SSRS データ処理 API を使用して、カスタム データ処理をレポート サーバーに追加できます。

注意

Reporting Services には、.NET Framework のデータ プロバイダーに対するサポートが組み込まれています。 既に完全なデータ プロバイダーを実装している場合は、Reporting Services データ処理拡張機能を実装する必要がありません。 ただし、セキュリティで保護された接続の資格情報やサーバー側の集計など、Reporting Services 2005 に固有の機能を含むようにデータ プロバイダーの拡張を検討してください。

Reporting Services が備えている各データ処理拡張機能は、共通するインターフェイスのセットを使用します。 これらの共通インターフェイスにより、各拡張機能で同等の機能が実装されます。

独自のデータ ソース用のデータ処理拡張機能を開発することも、インターフェイスを使用して、一般的なデータベース インフラストラクチャにデータ処理の別のレイヤーを追加することもできます。 カスタム データ処理拡張機能を配置して、組織の既存レポート サーバーにデータをシームレスに統合できます。 ユーザーに提供するカスタム レポート スイートの一部として使用することもできます。

Screenshot of the Reporting Services data processing extension architecture.
Reporting Services データ処理拡張機能のアーキテクチャ

カスタム Reporting Services データ処理拡張機能を実装する利点は、次のとおりです。

  • データ アクセス アーキテクチャを簡便化します。多くの場合、メンテナンスがしやすくなり、パフォーマンスが向上します。

  • 拡張機能固有の機能をユーザーに直接提示できます。

  • Reporting Services 内のデータ ソースにユーザーが直接アクセスするための固有のインターフェイスです。

データ拡張プロセス フロー

カスタム データ拡張機能を開発する前に、レポート サーバーがデータ拡張機能を使用してどのようにデータを処理するか理解しておく必要があります。 レポート サーバーによって呼び出されるコンストラクターとメソッドも理解してください。

Screenshot of the step-by-step process flow of a data extension that is called by the report server.

この図は、次の順序によるイベントを示しています。

  1. レポート サーバーは、接続オブジェクトを作成し、レポートに関連付けられた接続文字列と資格情報を渡します。

  2. レポートのコマンド テキストを使用して、コマンド オブジェクトを作成します。 このプロセスでは、データ処理拡張機能に、コマンド テキストを解析し、コマンドのパラメーターを作成するコードが含まれる場合があります。

  3. コマンド オブジェクトとパラメーターを処理した後、データ リーダーを生成します。
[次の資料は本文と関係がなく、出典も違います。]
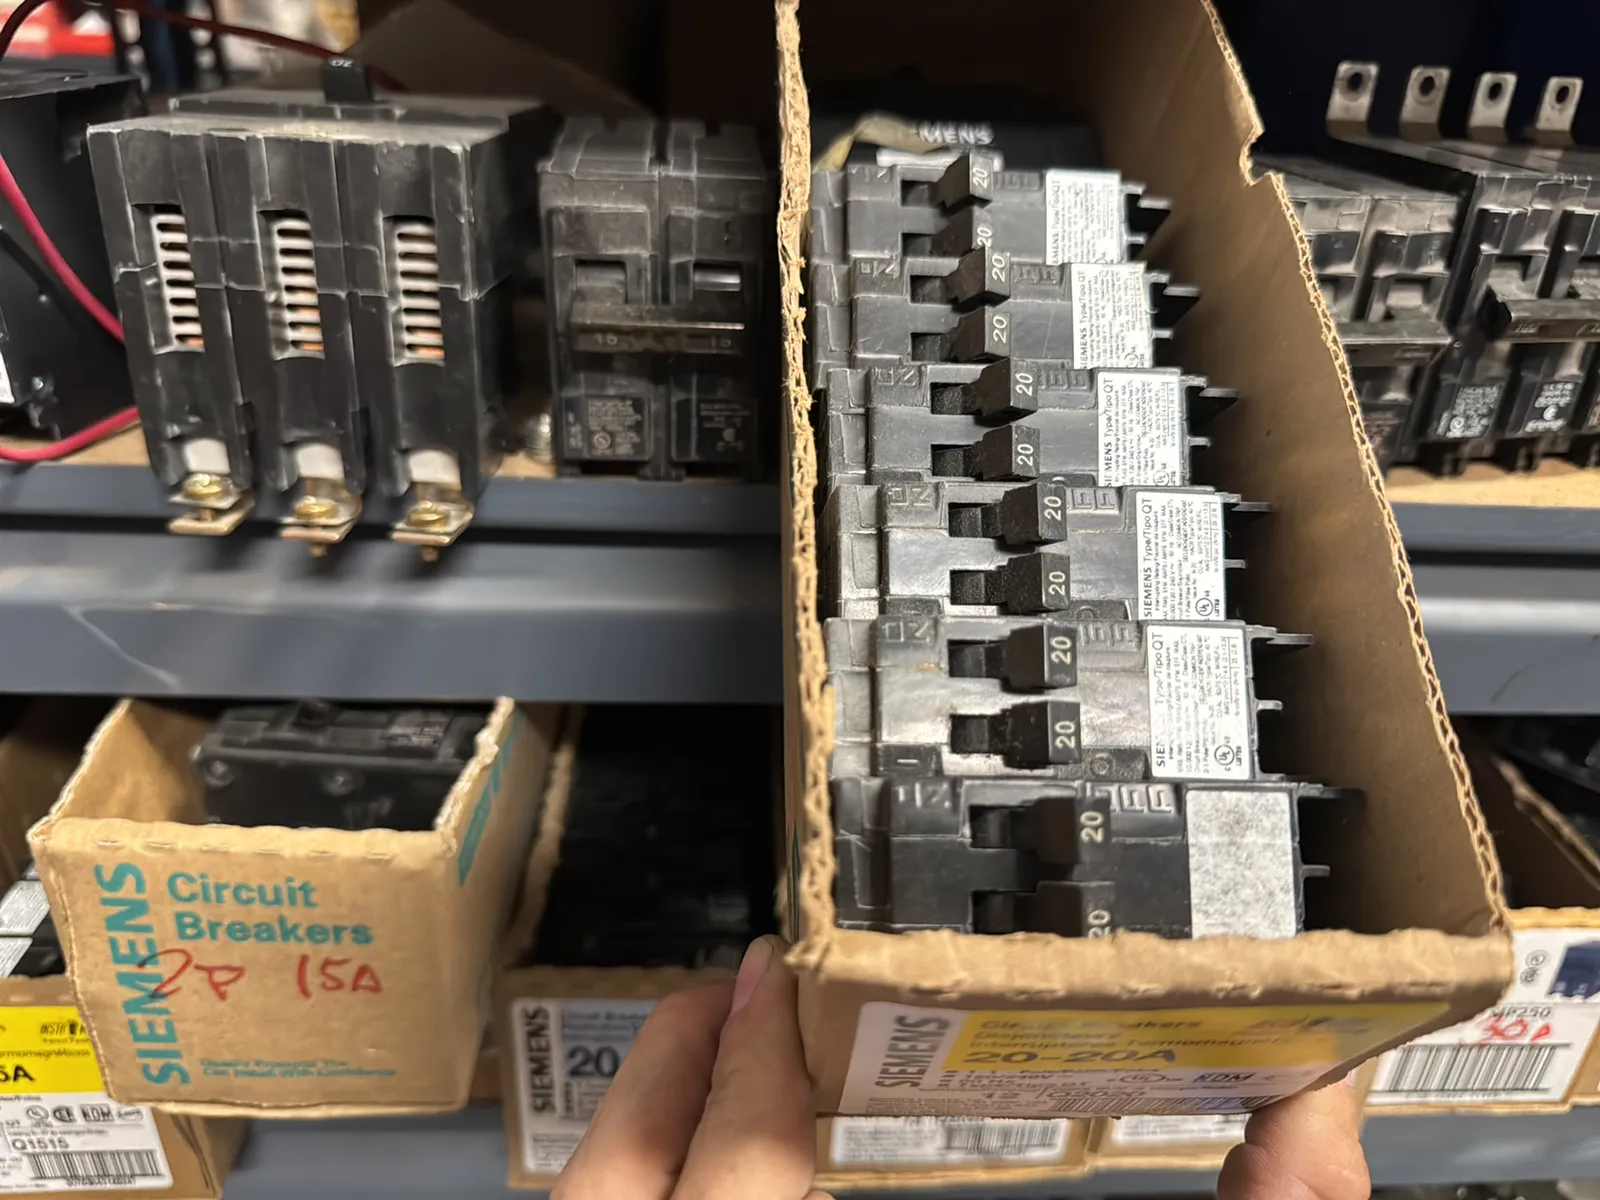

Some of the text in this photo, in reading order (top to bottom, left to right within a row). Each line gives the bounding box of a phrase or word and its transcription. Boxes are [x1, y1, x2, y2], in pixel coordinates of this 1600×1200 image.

データ リーダーによって、結果セットが返され、レポート サーバーがレポート データをレポート レイアウトに関連付けることができます。

開発者の要件

Reporting Services データ処理拡張機能を開発するための要件は次のとおりです。

  • レポート デザイナーまたはレポート サーバーがインストールされた配置用コンピューター

  • Microsoft Visual Studio 2005 以降、または Microsoft .NET Framework ソフトウェア開発キット (SDK) がインストールされている開発用コンピューター。

  • Reporting Services の機能についてよく理解していること

  • MicrosoftADO.NET アーキテクチャ、.NET Framework データ プロバイダー、ADO.NET DataSet オブジェクト、および共通する ADO.NET インターフェイスについてよく理解していること。

  • Microsoft Visual C# や MicrosoftVisual Basic .NET など、.NET Framework 言語による開発経験があること。